When we saw the next one she said: "...but that's a big one!"

Needless to say, we did not catch any snakes.
count: 5 (only 1 rattler, and it was in the road)

fishing was decent. Mardi struggled keeping them hooked, which means I need to get her out more! She was having a hard time keeping track of her line.


----------



## Catherder (Aug 2, 2008)

Have the Minersville snakes shown up yet?

Oh, and sweet fish. Looks like it is fishing decently.


----------



## PBH (Nov 7, 2007)

I'm avoiding Minersville because of this! I'll check back in another month....
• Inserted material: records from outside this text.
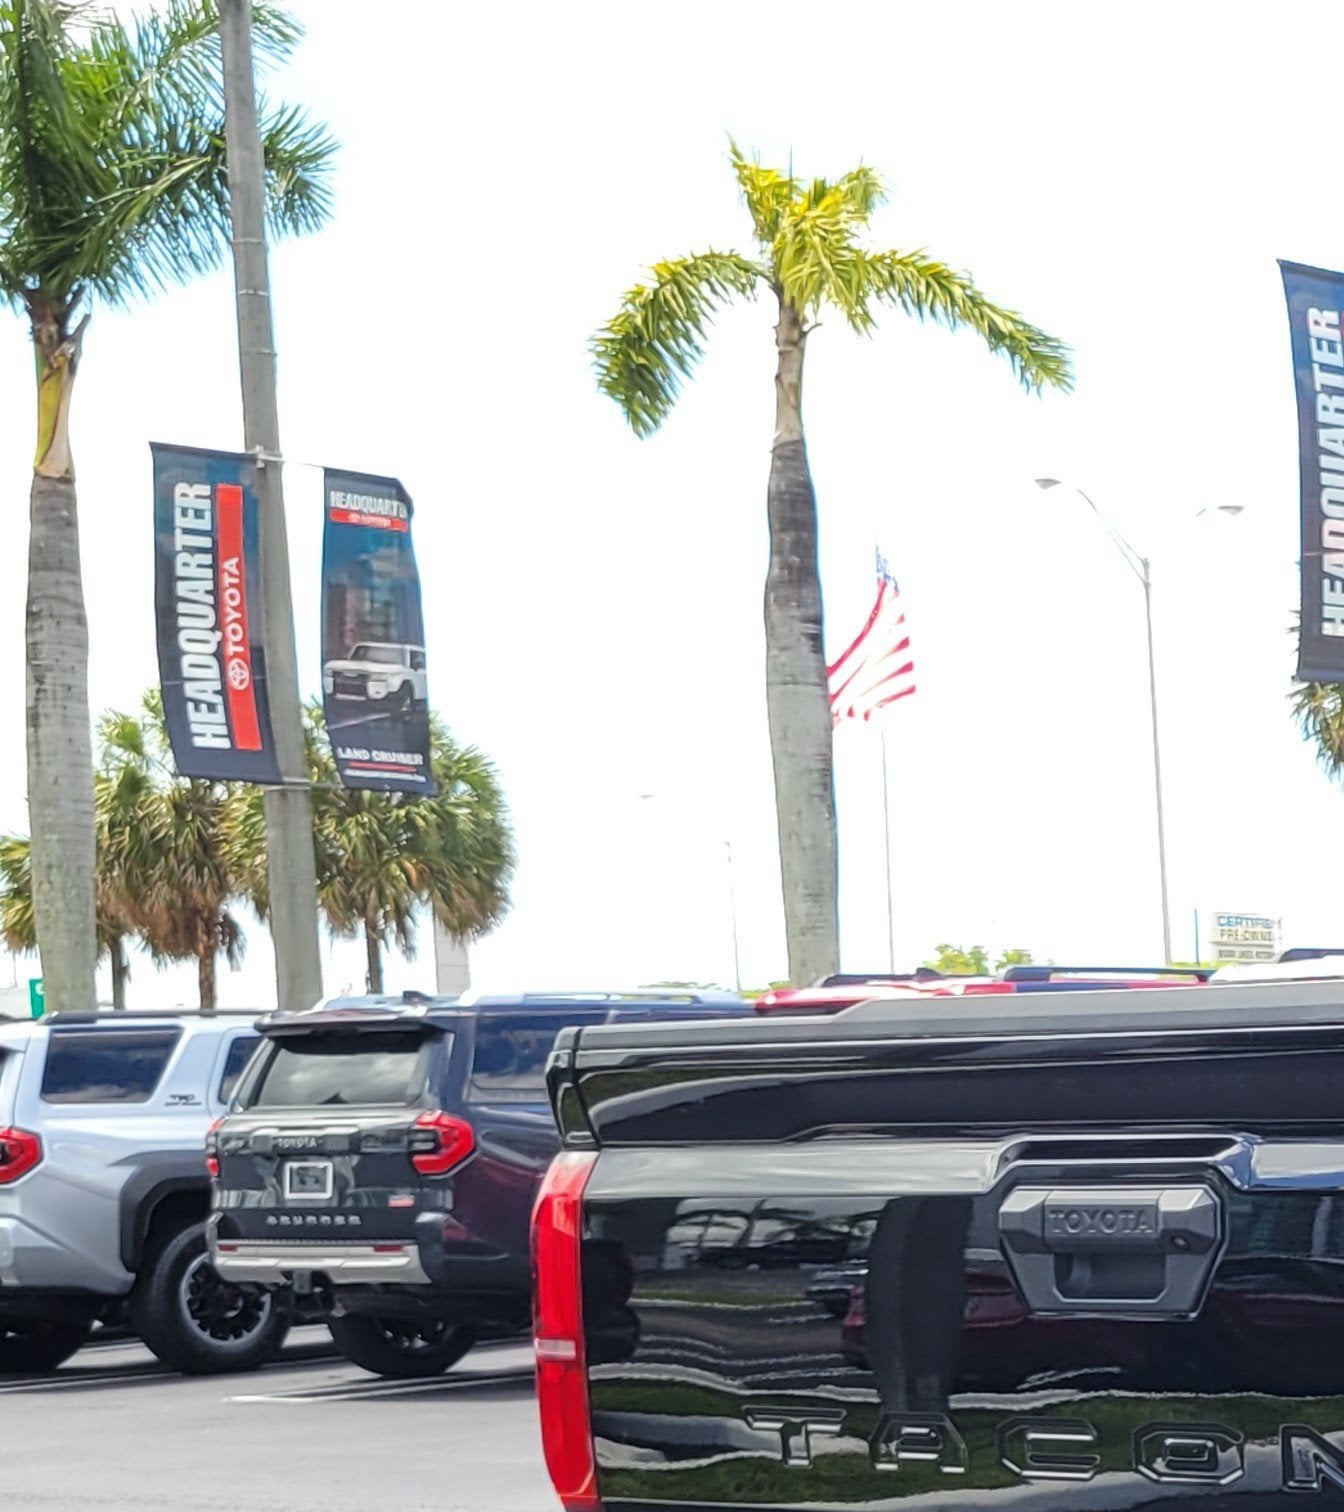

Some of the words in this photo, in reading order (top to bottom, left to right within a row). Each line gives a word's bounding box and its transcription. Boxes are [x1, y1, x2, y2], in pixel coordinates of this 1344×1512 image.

[174, 482, 231, 749] HEADQUARTER
[223, 556, 244, 656] TOYOTA
[337, 747, 370, 760] LAND
[1217, 915, 1274, 929] CERTIFIE
[1220, 928, 1273, 941] PRE-OWNE
[1049, 1209, 1153, 1234] TOYOTA
to be honest, I don't think there will be an issue like last year. Last year we flooded the serpents out -- I doubt they moved back in to be flooded out again. But that's just wishful thinking!


----------



## AF CYN (Mar 19, 2009)

My sons and I hiked to the top of Lake Mountain last week. A co-worker did the hike a few days before and saw three rattlers. Needless to say, I was very cautious. I'm not afraid of snakes, but I don't have the time or money for a debilitating medical emergency for humans or my dog. 8)

I love the clarity of the water your fishing. It's my favorite color--just clear enough for the fish to see your offering, but cloudy enough to keep them from being ultra spooky or sensitive to slightly imperfect presentation. Great looking fish.


----------



## PBH (Nov 7, 2007)

AF CYN said:


> I love the clarity of the water your fishing. It's my favorite color--just clear enough for the fish to see your offering, but cloudy enough to keep them from being ultra spooky or sensitive to slightly imperfect presentation. Great looking fish.
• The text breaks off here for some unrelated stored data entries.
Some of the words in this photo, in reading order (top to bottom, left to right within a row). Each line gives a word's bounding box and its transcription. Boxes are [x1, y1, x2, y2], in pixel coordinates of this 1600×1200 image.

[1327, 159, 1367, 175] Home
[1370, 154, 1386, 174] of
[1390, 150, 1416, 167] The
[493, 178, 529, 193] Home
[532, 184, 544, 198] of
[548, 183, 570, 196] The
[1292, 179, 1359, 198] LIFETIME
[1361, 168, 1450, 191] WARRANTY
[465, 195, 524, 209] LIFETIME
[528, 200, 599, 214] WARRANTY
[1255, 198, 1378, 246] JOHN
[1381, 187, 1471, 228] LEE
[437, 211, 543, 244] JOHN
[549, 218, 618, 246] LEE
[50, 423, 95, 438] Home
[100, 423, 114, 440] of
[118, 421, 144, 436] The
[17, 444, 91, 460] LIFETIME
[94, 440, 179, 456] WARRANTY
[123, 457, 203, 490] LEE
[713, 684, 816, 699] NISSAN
That's the norm on this river.


----------



## Critter (Mar 20, 2010)

But where's the pictures of the snakes? 

Great looking fish by the way.


----------



## johnrr65 (Nov 7, 2019)

Looks Great!


----------



## neverdrawn (Jan 3, 2009)

PBH said:


> I'm avoiding Minersville because of this! I'll check back in another month....
> 
> to be honest, I don't think there will be an issue like last year. Last year we flooded the serpents out -- I doubt they moved back in to be flooded out again. But that's just wishful thinking!


 I fish Minersville enough I feel like I need to know this story. Are you talking lake or stream?


----------



## PBH (Nov 7, 2007)

neverdrawn said:


> I fish Minersville enough I feel like I need to know this story. Are you talking lake or stream?


I've had two different occasions, and W2U has at least one, where we've run into snakes while out on the water.

I was in my float tube on one occasion. The snake wanted to board. I was kicking like mad to get away, and eventually used my fly rod to whip at the snake. It eventually turned away.

The other time I was in my pontoon. I could see the snake swimming towards me! I started rowing as fast as I could go (thanks Concept2!!) and eventually got away from the snake.

W2U was in his inflatable raft -- same thing. He rowed as fast as he could to get away.

That's a bad feeling while sitting in a float tube knowing that you can't outrun a snake, and you don't have many options except to click the buckle between your legs and abandon ship!! :shock:


----------



## browntrout (Apr 27, 2008)

PBH said:


> OK -- since there are multiple snake threads going, I'll add another.
> 
> Mardi and I fished the EF on Friday. I told her when we were getting our boots on to keep an eye out for snakes -- nothing to be worried about, but rather just be aware.
> 
> ...


WOW - Great looking brown.


----------